Given both validation and test results, I'm not going to bother submitting mine, as it would be just a waste of computer cycles. I'll just leave here what I would have done if I had the time to start over:

1. I would have done a better job with image preprocessing (I'd resize instead of just crop with Keras) and data augmentation (I'd increase the number of training instances 3 or 4 fold.
2. I'd have used EfficientNet-B2, at the very least, but I would try using B3 or higher with a smaller batch size (128, at most).
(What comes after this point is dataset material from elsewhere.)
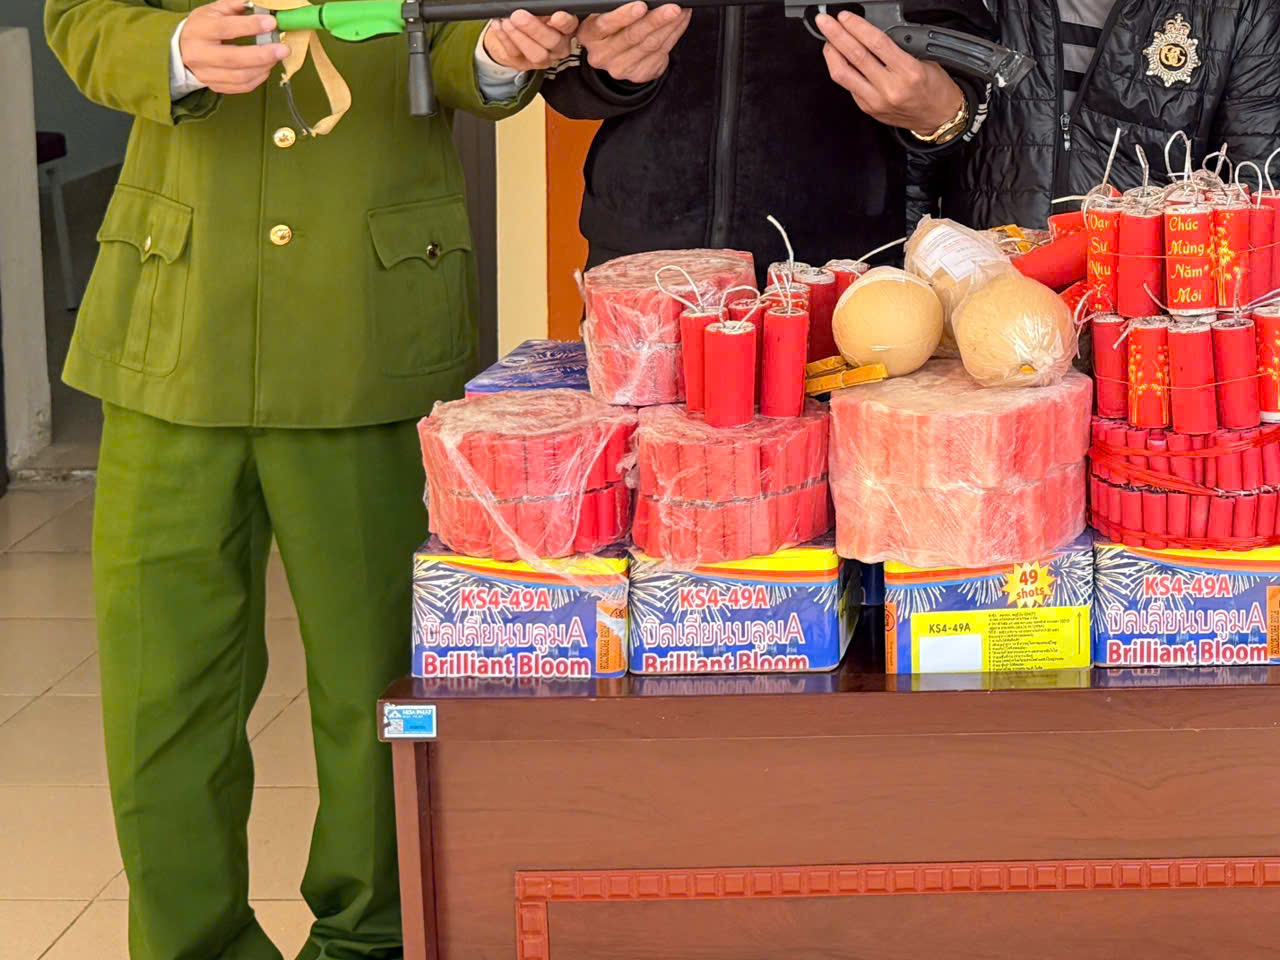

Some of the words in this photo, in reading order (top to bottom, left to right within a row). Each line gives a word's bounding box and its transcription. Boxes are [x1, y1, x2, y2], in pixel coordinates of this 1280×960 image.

3. Of course, I would train the model for more epochs and using SGD with Nesterov, to compare with Adam.

With this 3 steps, I think I could have done a better job, without the need to go overboard with ensemble, for instance (remember, this is an undergrad assingment). I'm not satisfied with this results, but it is what I could do with the time I had.